Quizá no seamos conscientes, pero estamos asistiendo al fin de la historia. No me refiero al que proclamaba Fukuyama. Me refiero a una forma de imaginar el pasado colectivamente. A cómo pensamos la historia y, por lo tanto, el presente y el futuro. O al revés, porque cómo entendemos el pasado tiene que ver inevitablemente con los valores del presente. Por eso hoy percibimos la conquista del sufragio universal o el final de la esclavitud como hitos positivos y la marcha sobre Roma de Mussolini, las purgas estalinistas o el caso Dreyfus como momentos de infamia.
Nuestra comprensión de la historia es resultado de un proceso político, social y cultural específico: no siempre se entendió que el racismo o la opresión de las mujeres fuera algo de lo que lamentarse. Los valores actualmente hegemónicos son el resultado del consenso que emergió tras la Segunda Guerra Mundial: los derechos humanos, la descolonización o la lucha por la igualdad de género siguieron al peor conflicto que ha existido y en buena medida tienen que ver con él—y con la terrible experiencia del fascismo que lo provocó.

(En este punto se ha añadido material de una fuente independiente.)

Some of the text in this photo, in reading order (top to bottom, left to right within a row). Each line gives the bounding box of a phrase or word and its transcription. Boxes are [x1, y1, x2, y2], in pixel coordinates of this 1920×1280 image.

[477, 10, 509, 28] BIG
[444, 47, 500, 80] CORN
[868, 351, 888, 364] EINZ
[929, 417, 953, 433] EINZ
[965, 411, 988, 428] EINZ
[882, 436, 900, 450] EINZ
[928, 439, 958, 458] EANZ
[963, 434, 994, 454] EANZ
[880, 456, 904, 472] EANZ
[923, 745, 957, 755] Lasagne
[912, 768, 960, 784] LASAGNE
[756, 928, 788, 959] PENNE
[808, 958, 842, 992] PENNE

Sin embargo, se está extendiendo ahora la idea de que la historia que defiende ese consenso es "progre" y que los valores que la sustentan son "políticamente correctos". Lo primero es falso. Esa percepción de la historia y esos valores han sido compartidos, desde mediados del siglo XX y con mayor o menor convencimiento, por conservadores, liberales y socialistas. Por quienes ganaron la Segunda Guerra Mundial. Lo segundo es cierto: son valores políticamente correctos, pues sobre ellos se fundan los sistemas políticos democráticos. Y también moralmente correctos, porque defender lo contrario—el racismo, la dictadura o el imperialismo—es un error moral. Pero es un error moral que cada vez más gente está dispuesta a presentar como virtud.

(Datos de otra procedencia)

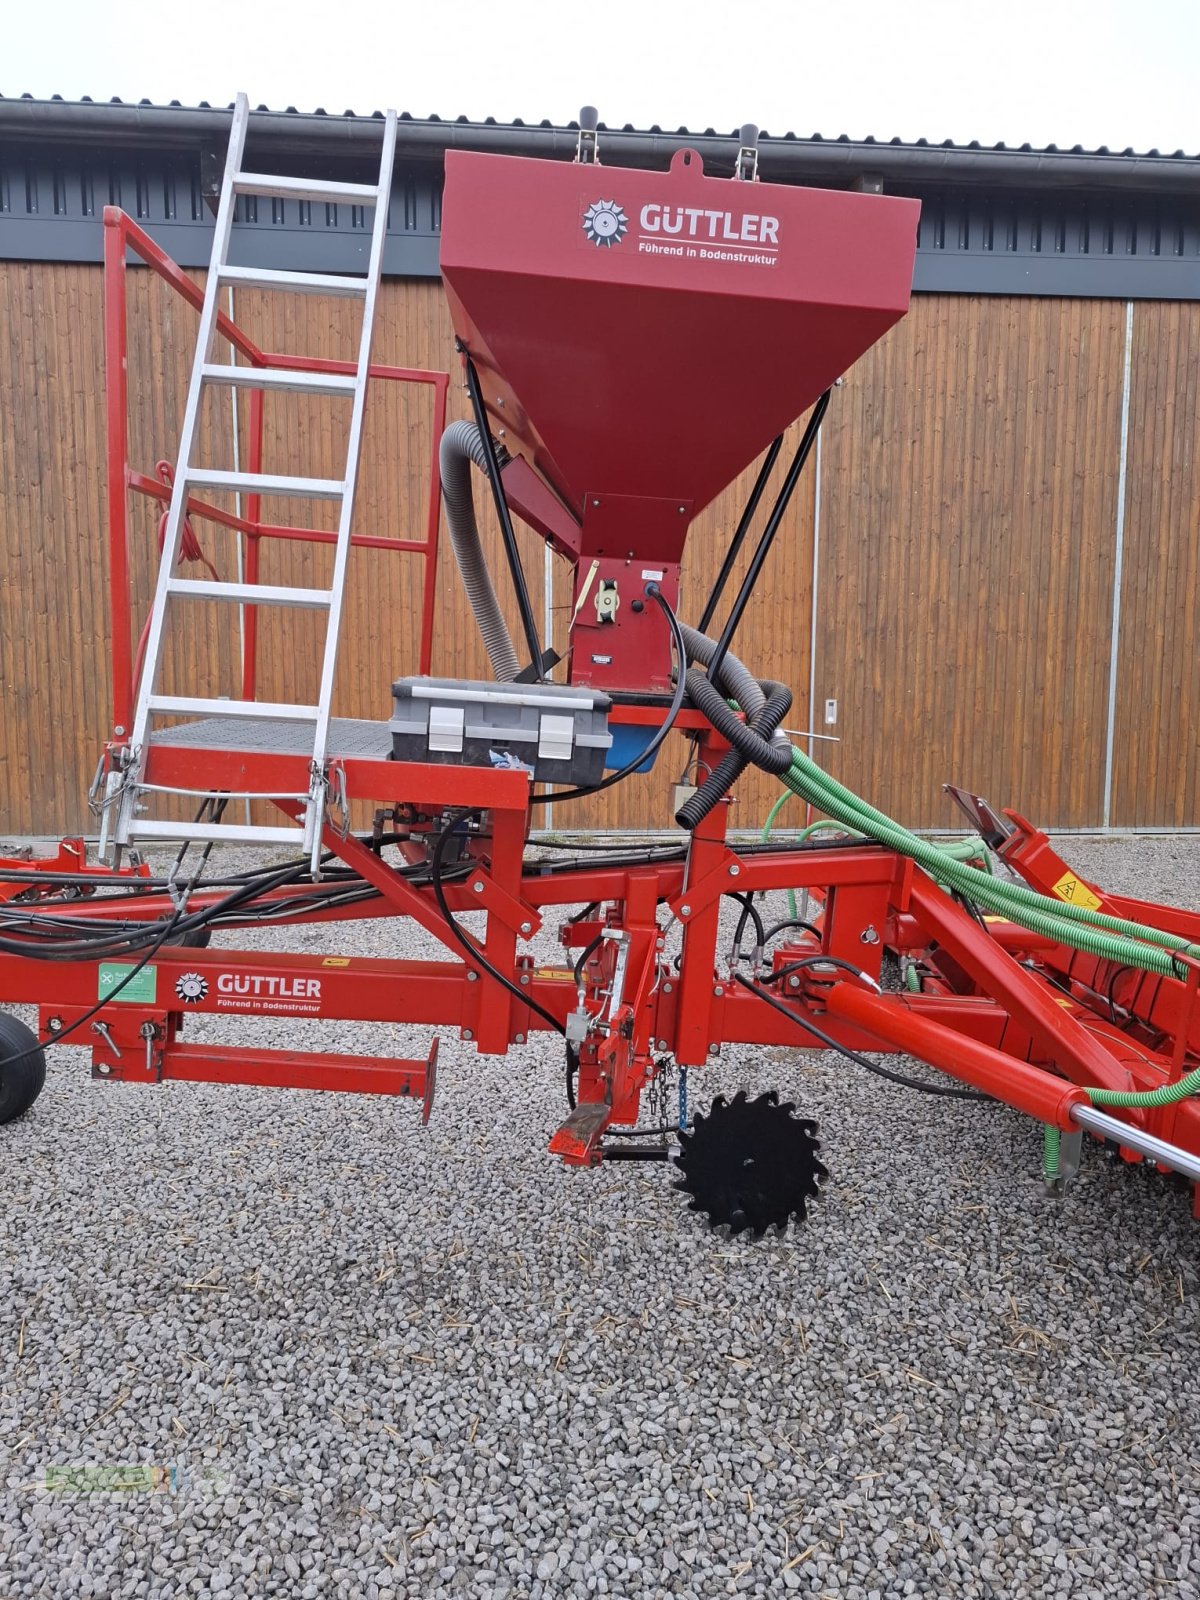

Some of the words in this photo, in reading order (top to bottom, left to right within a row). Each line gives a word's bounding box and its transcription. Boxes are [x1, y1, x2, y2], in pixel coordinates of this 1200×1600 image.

[640, 204, 779, 243] GÜTTLER
[639, 243, 683, 256] Führend
[687, 247, 697, 257] in
[700, 250, 777, 265] Bodenstruktur
[217, 974, 321, 997] GÜTTLER
[217, 999, 251, 1008] Führend
[253, 1001, 261, 1009] in
[262, 1002, 321, 1012] Bodenstruktur

Parte de la derecha española, de hecho, que ejemplifica bien la ruptura con la lectura democrática de la historia. En los últimos meses ha apoyado que se levante una estatua a un guerrero colonial, que se elimine el nombre de una calle dedicada a un político demócrata y que se restaure en los callejeros la memoria de militares golpistas y de una unidad que combatió con los nazis. También ha afirmado—en el parlamento—que el golpe de estado que inició la Guerra Civil perseguía un fin legítimo: restablecer la ley. Así, una parte de la derecha ha decidido defender una historia que es hoy indefendible, que repugna—o debiera repugnar—a nuestra sensibilidad democrática.
Asistimos en estos momentos a un combate a escala global entre distintas concepciones del futuro y del pasado. Y nos encontramos con dos posturas enfrentadas: a un lado, la de quienes desean llevar el consenso que emergió de la Segunda Guerra Mundial a sus últimas consecuencias, hacerlo efectivo de verdad. Aquí hay que entender el derribo de estatuas y el cambio de calles: si la dictadura es execrable ¿por qué seguimos honrando a dictadores en el espacio público? Si el racismo es injustificable ¿por qué permitimos monumentos a traficantes de esclavos y héroes coloniales? Se trata de que la más pública de las historias—la que se cuenta en el espacio público—se sincronice con nuestros valores y con los libros de historia.
Al otro lado nos encontramos con quienes pretenden mantener estatuas y nombres de calles. Dicen defender la historia, pero lo que defienden es una interpretación de la historia: la que celebra la guerra, el imperio y la nación excluyente. Es, de hecho, el fin de la historia. Del relato del pasado compartido y consensuado, tolerante y liberal que ha sido hegemónico desde mediados del siglo XX. Una parte de la derecha se frota las manos con cada pequeño triunfo simbólico, porque lo ve como una derrota de la izquierda. Y no: es una derrota de todos. Porque la historia que algunos tildan de políticamente correcta no es de derechas ni de izquierdas. Es la forma democrática de entender el pasado. Y el presente.